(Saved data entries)
--

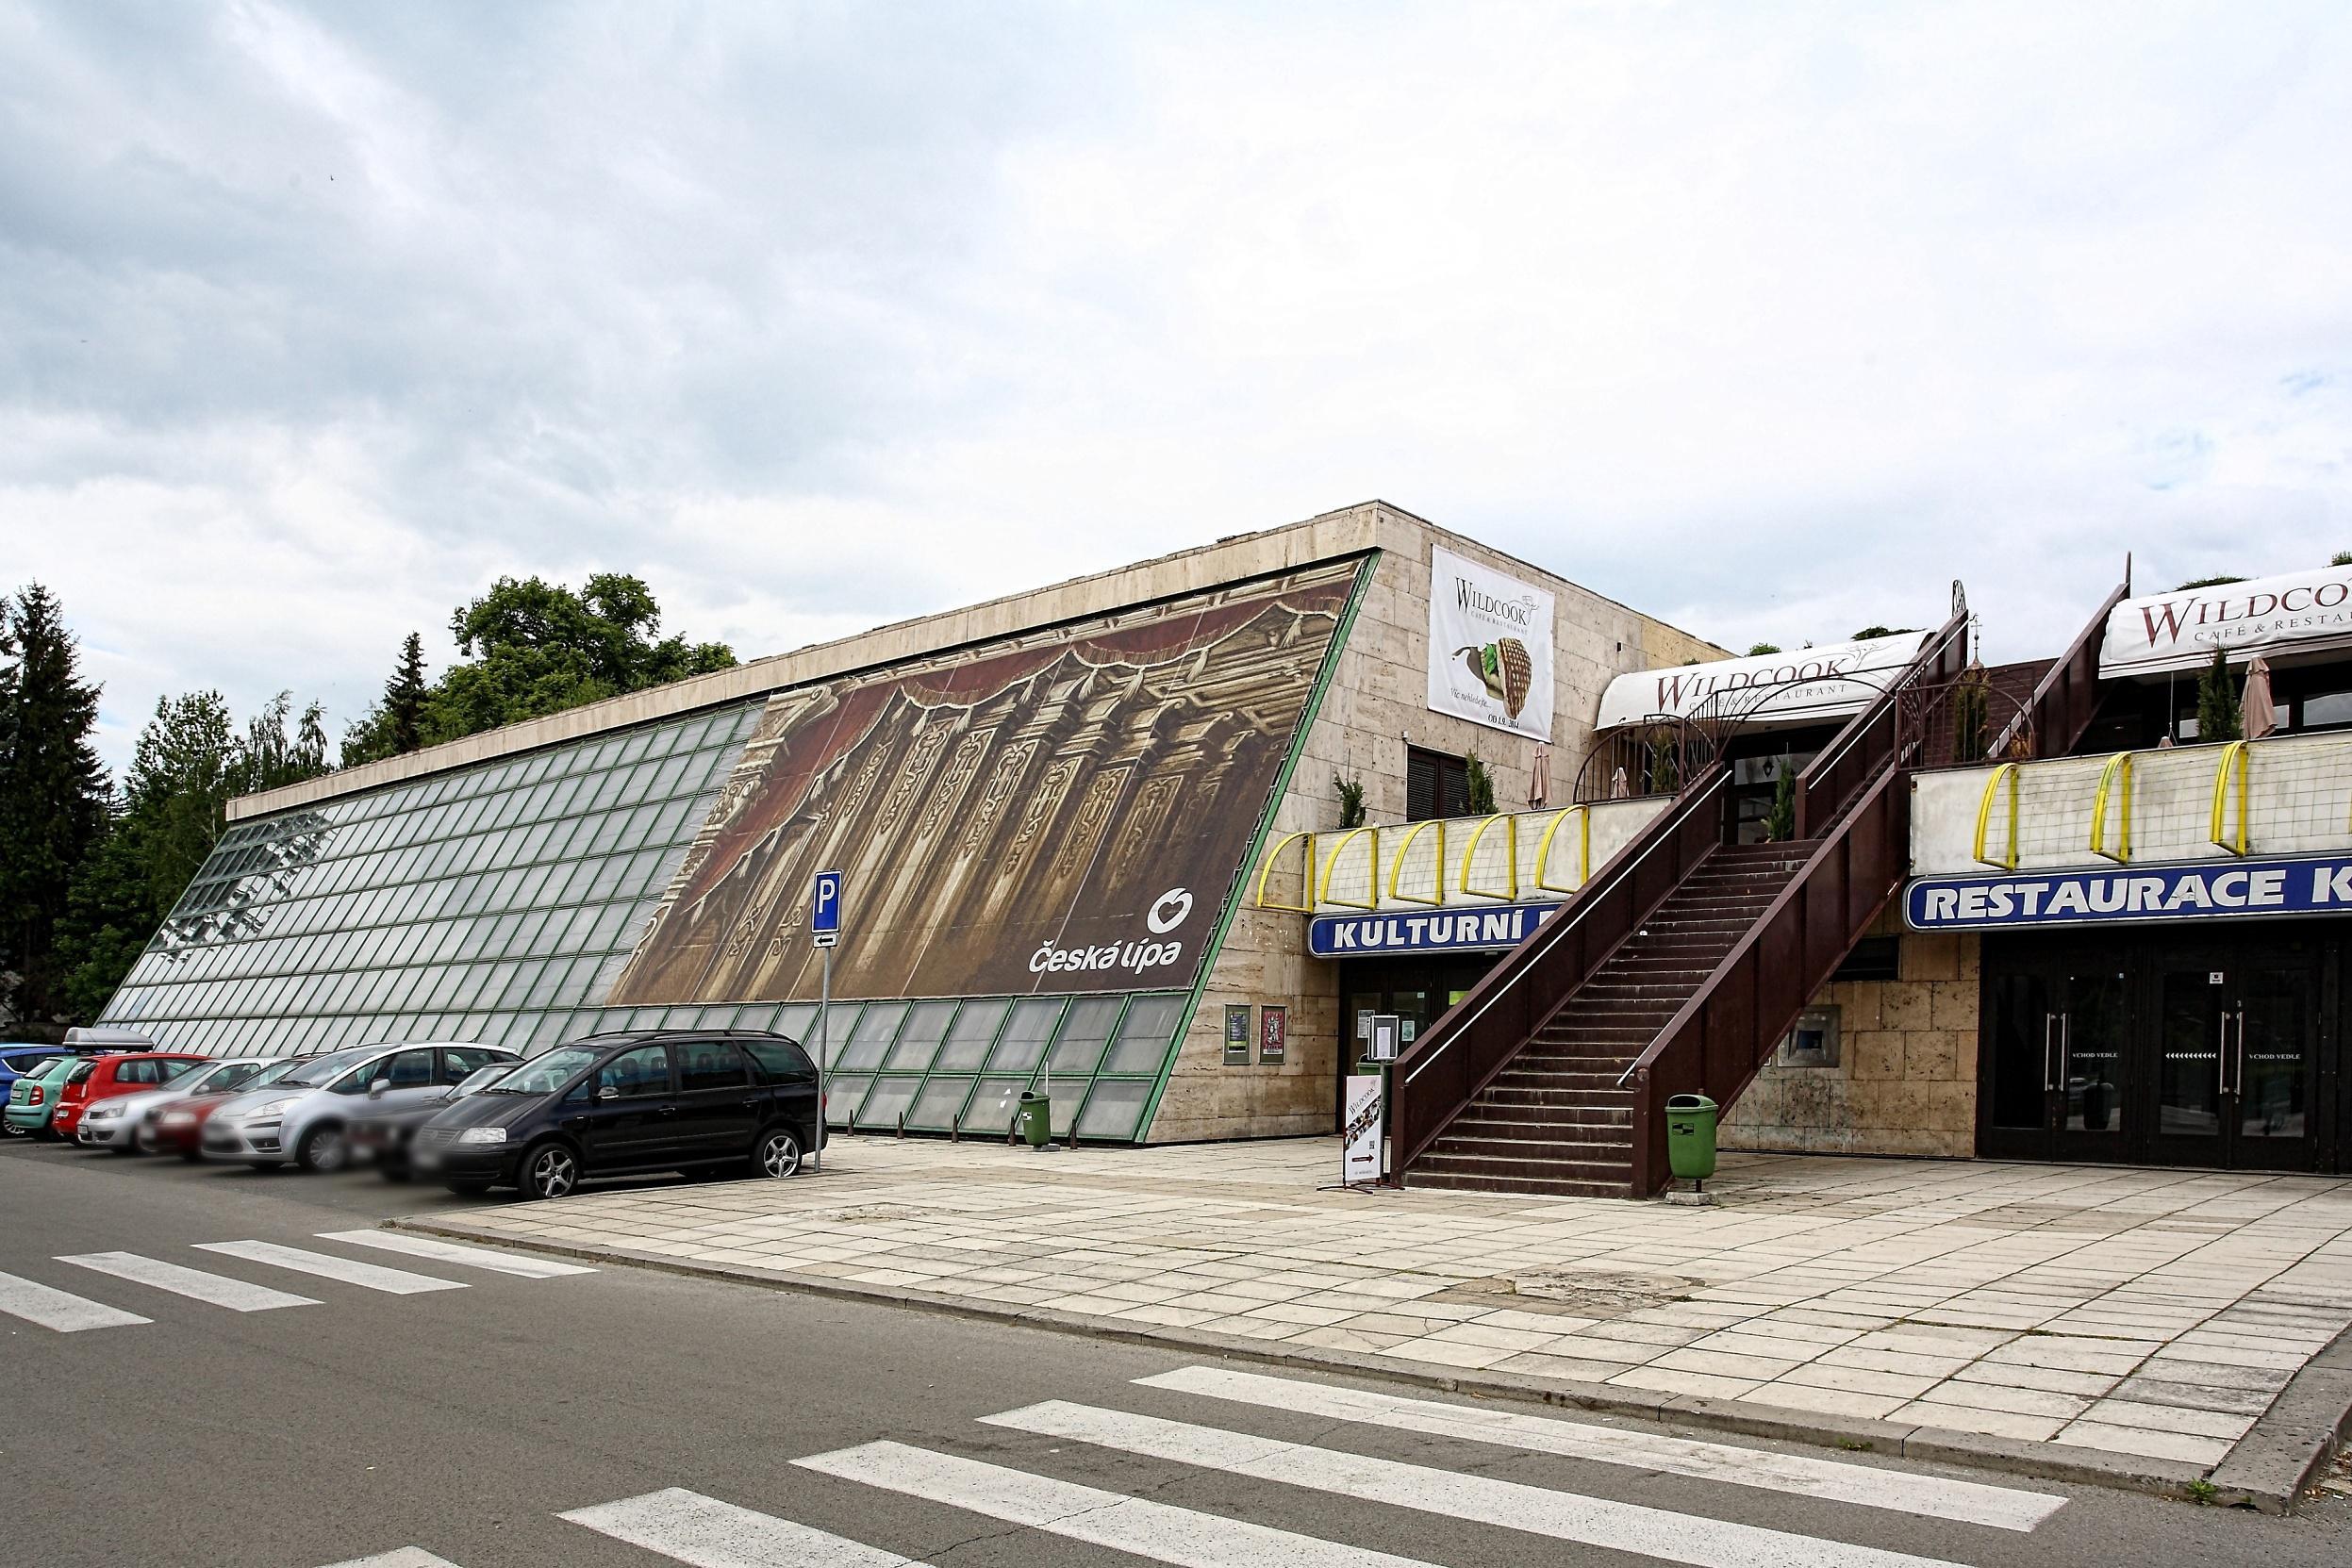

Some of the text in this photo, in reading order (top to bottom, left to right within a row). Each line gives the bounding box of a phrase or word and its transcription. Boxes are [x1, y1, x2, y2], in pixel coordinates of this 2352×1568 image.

[1455, 577, 1528, 626] WILDCOOK
[2139, 583, 2348, 649] WILDCO
[2195, 623, 2246, 642] CAFÉ
[2254, 623, 2265, 634] &
[1657, 658, 1848, 714] WILDCOOK
[1730, 697, 1738, 706] &
[819, 879, 836, 914] P
[1924, 869, 2287, 921] RESTAURACE
[1333, 909, 1525, 949] KULTURNÍ

--

Problem: The copy you output must match the entries above exactly, except that it has no pictures.

Exercise result:
Some of the text in this photo, in reading order (top to bottom, left to right within a row). Each line gives the bounding box of a phrase or word and its transcription. Boxes are [x1, y1, x2, y2], in pixel coordinates of this 2352×1568 image.

[1455, 577, 1528, 626] WILDCOOK
[2139, 583, 2348, 649] WILDCO
[2195, 623, 2246, 642] CAFÉ
[2254, 623, 2265, 634] &
[1657, 658, 1848, 714] WILDCOOK
[1730, 697, 1738, 706] &
[819, 879, 836, 914] P
[1924, 869, 2287, 921] RESTAURACE
[1333, 909, 1525, 949] KULTURNÍ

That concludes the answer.